* _Records to process_
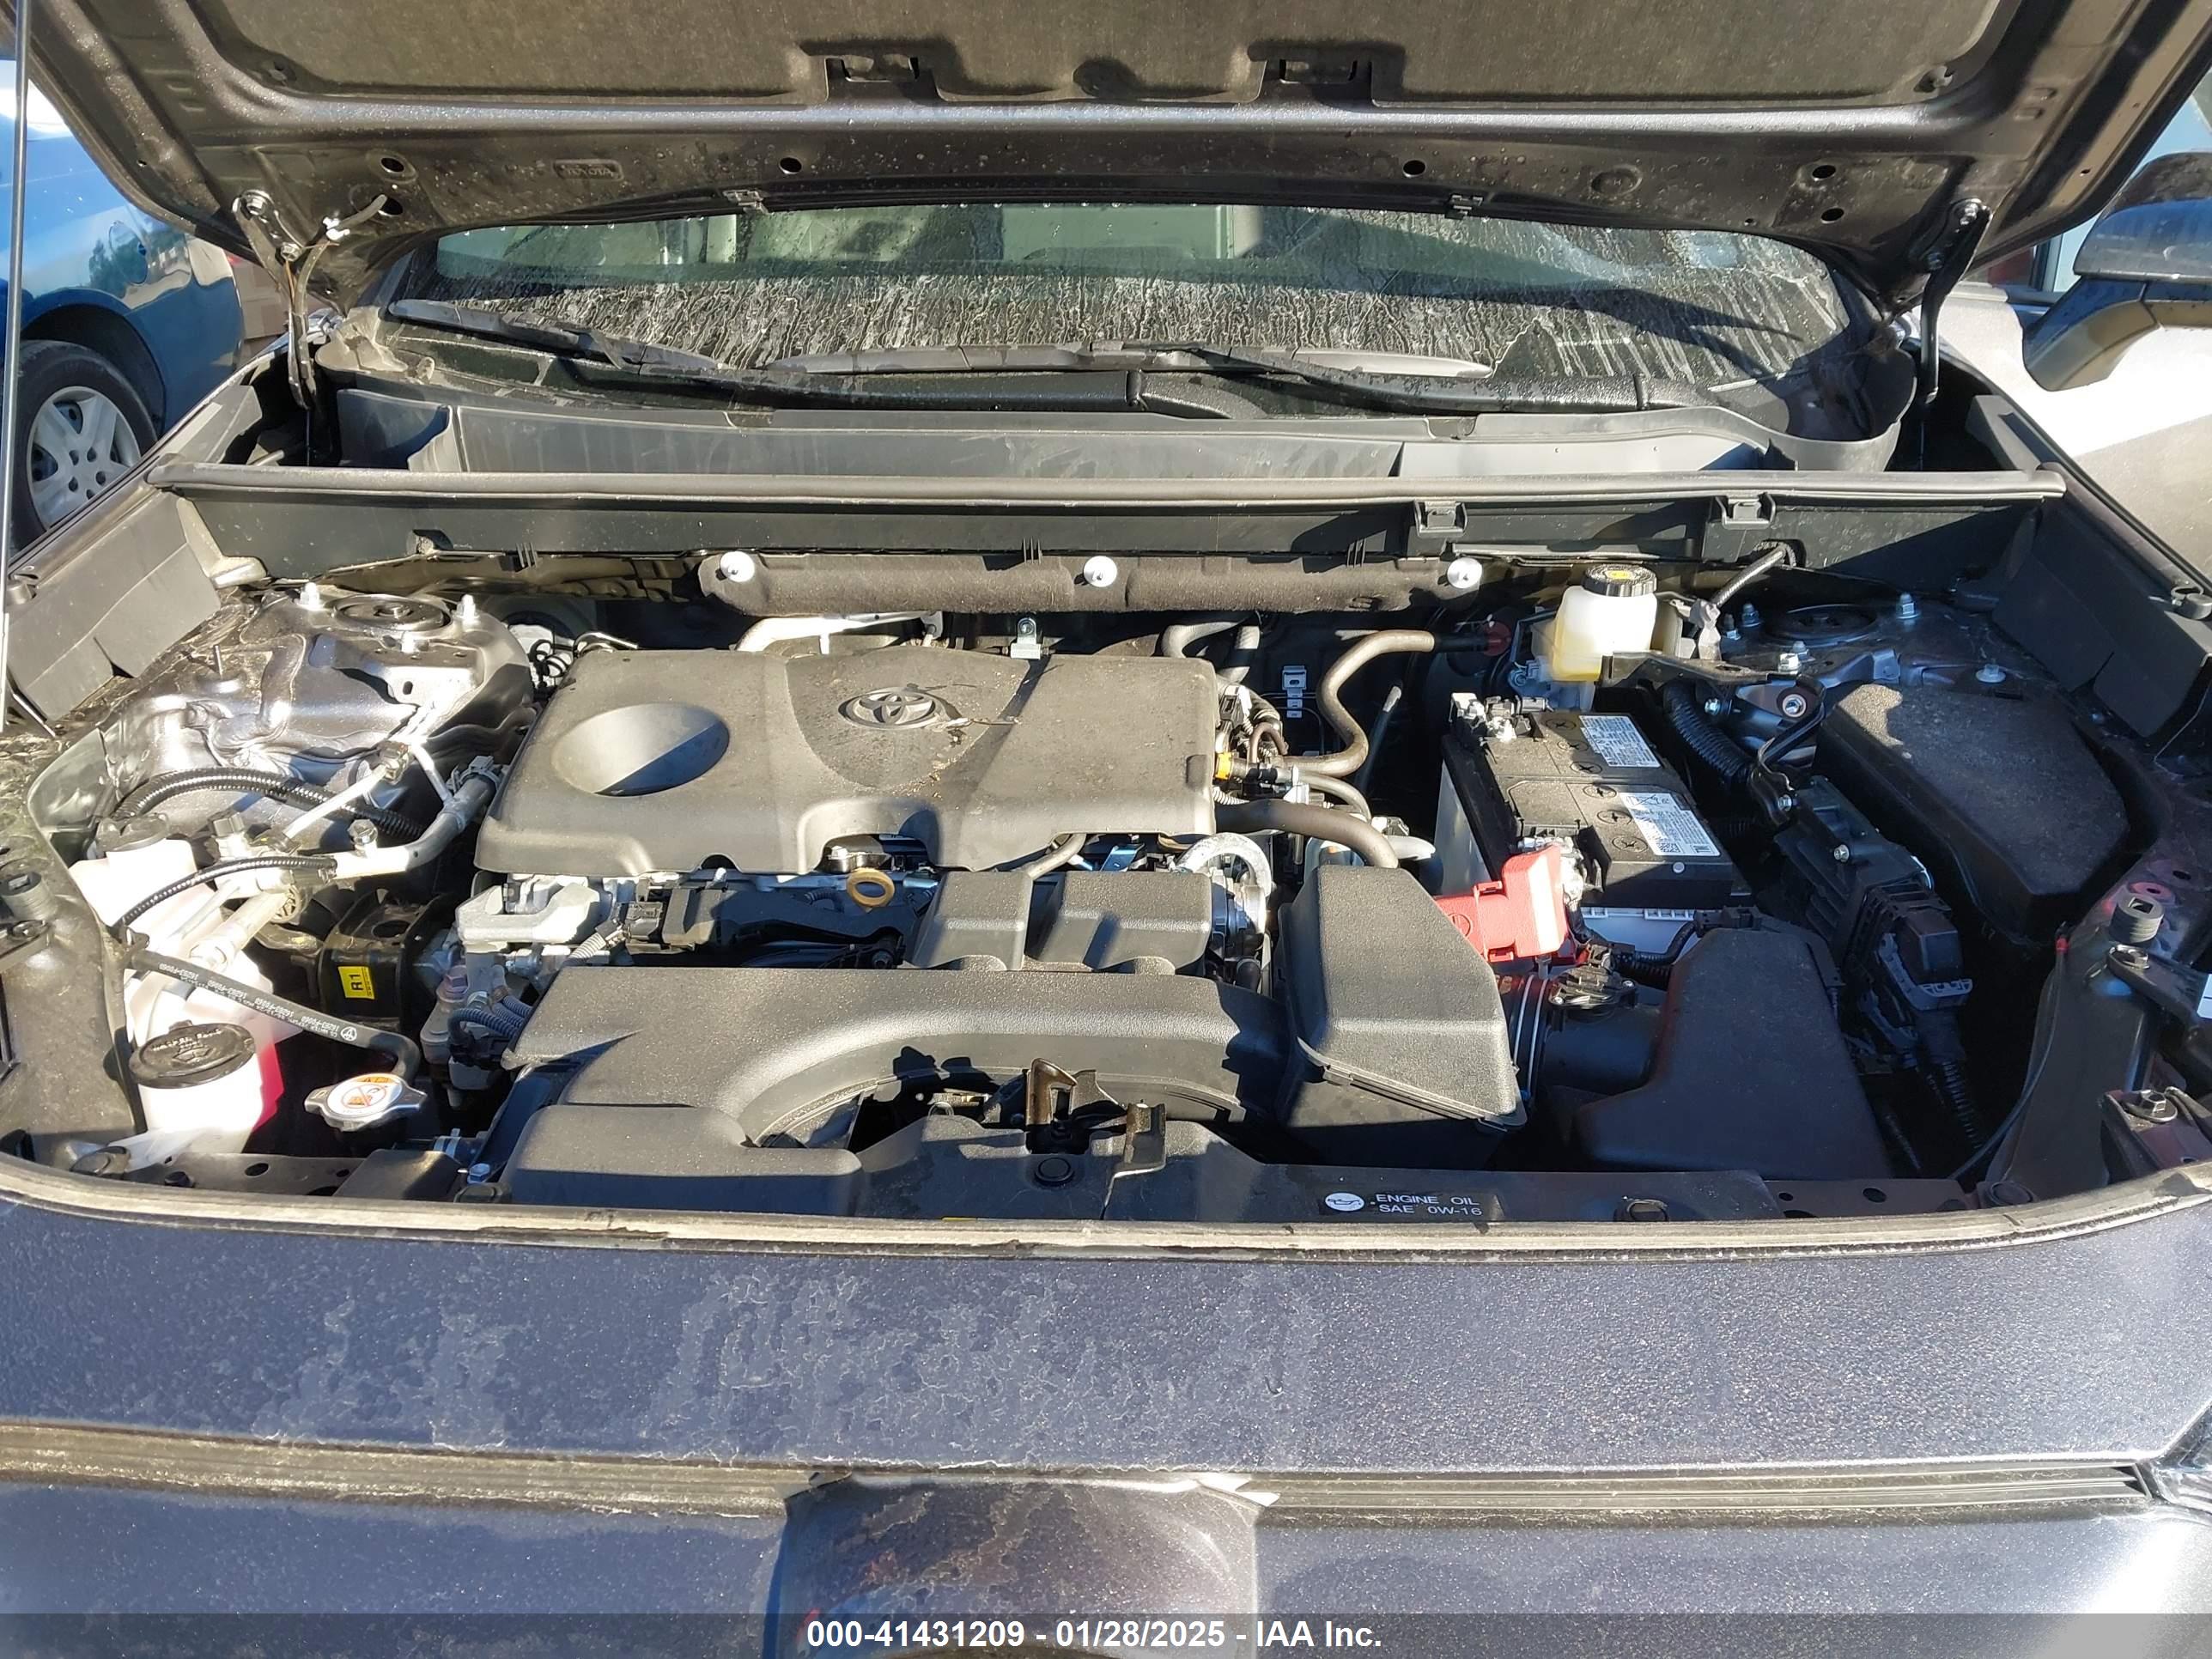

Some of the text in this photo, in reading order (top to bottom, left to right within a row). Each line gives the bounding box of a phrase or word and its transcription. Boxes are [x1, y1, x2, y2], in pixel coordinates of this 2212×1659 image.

[348, 974, 364, 991] R1
[1376, 1194, 1480, 1206] ENGINE OIL
[1379, 1204, 1483, 1217] SAE 0W-16
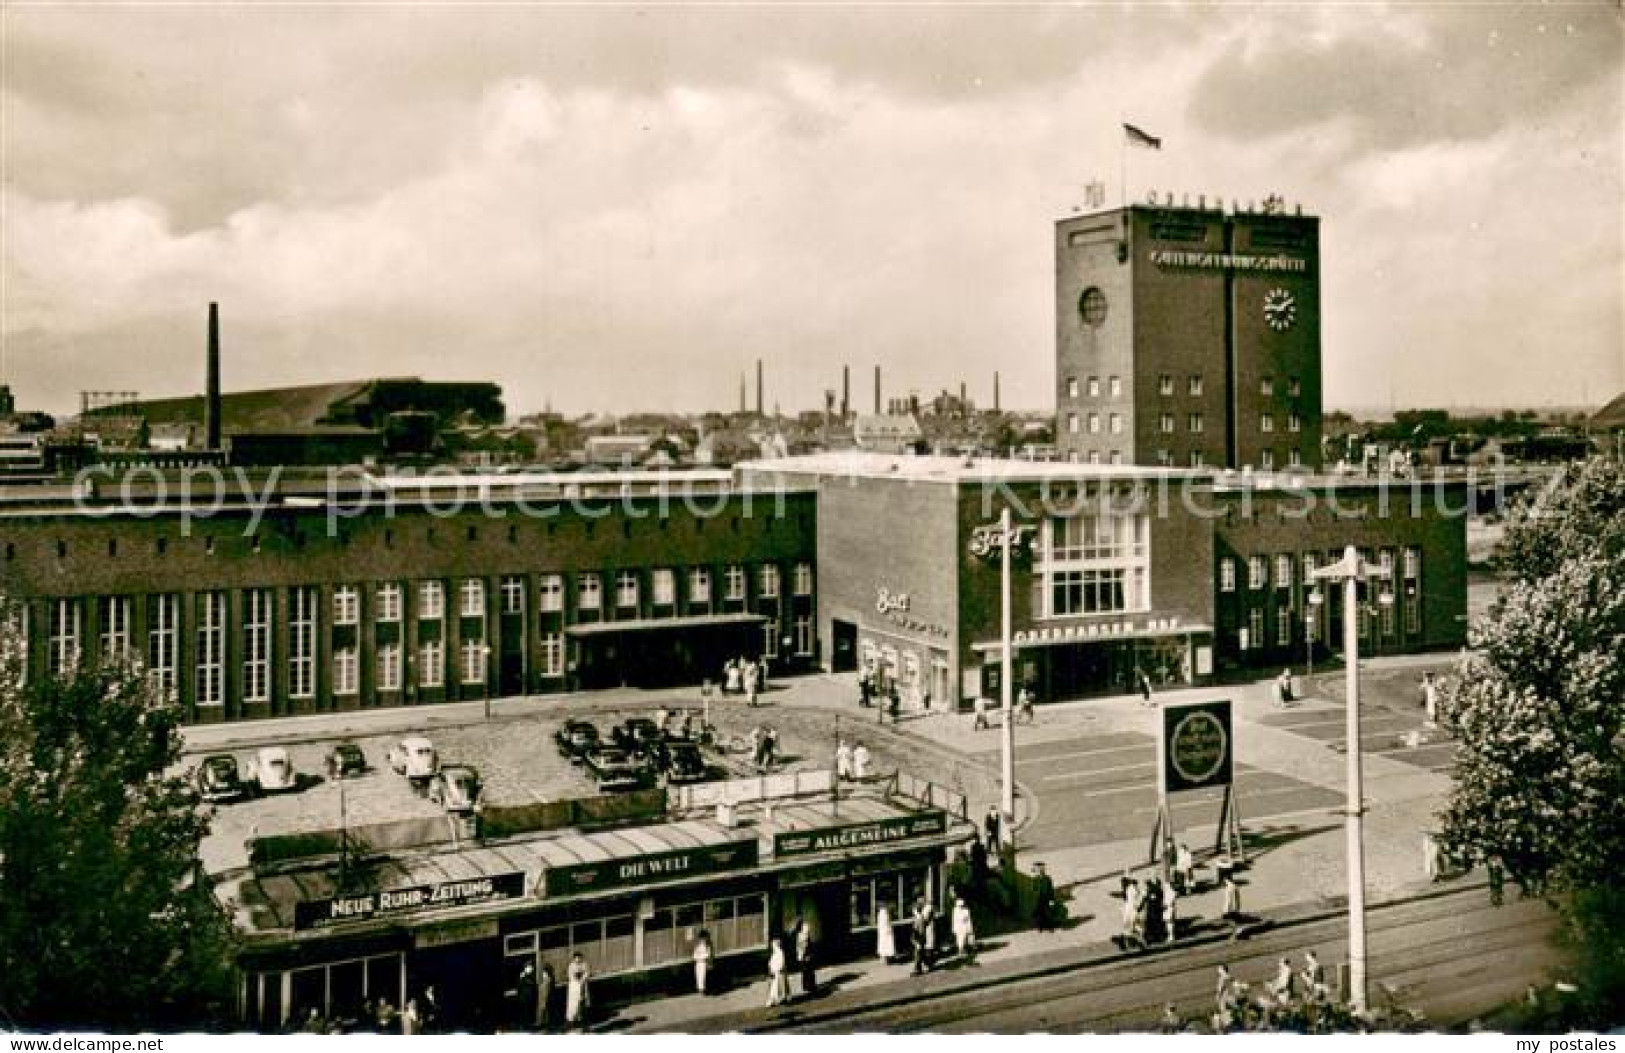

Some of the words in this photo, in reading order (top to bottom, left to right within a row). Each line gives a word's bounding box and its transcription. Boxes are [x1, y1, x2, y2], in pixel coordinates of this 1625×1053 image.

[815, 825, 907, 848] ALLGEMEINE
[620, 861, 645, 878] DIE
[649, 855, 688, 873] WELT
[331, 895, 374, 918] NEUE

* _Work instructions_
For this exercise, retype the data above exactly and skip every image.

* _Problem solution_
Some of the text in this photo, in reading order (top to bottom, left to right within a row). Each line gives the bounding box of a phrase or word and its transcription. Boxes are [x1, y1, x2, y2], in pixel coordinates of this 2212×1659 image.

[348, 974, 364, 991] R1
[1376, 1194, 1480, 1206] ENGINE OIL
[1379, 1204, 1483, 1217] SAE 0W-16

Some of the words in this photo, in reading order (top to bottom, left to right within a row). Each line gives a word's bounding box and its transcription. Boxes are [x1, y1, x2, y2], in pixel coordinates of this 1625×1053 image.

[815, 825, 907, 848] ALLGEMEINE
[620, 861, 645, 878] DIE
[649, 855, 688, 873] WELT
[331, 895, 374, 918] NEUE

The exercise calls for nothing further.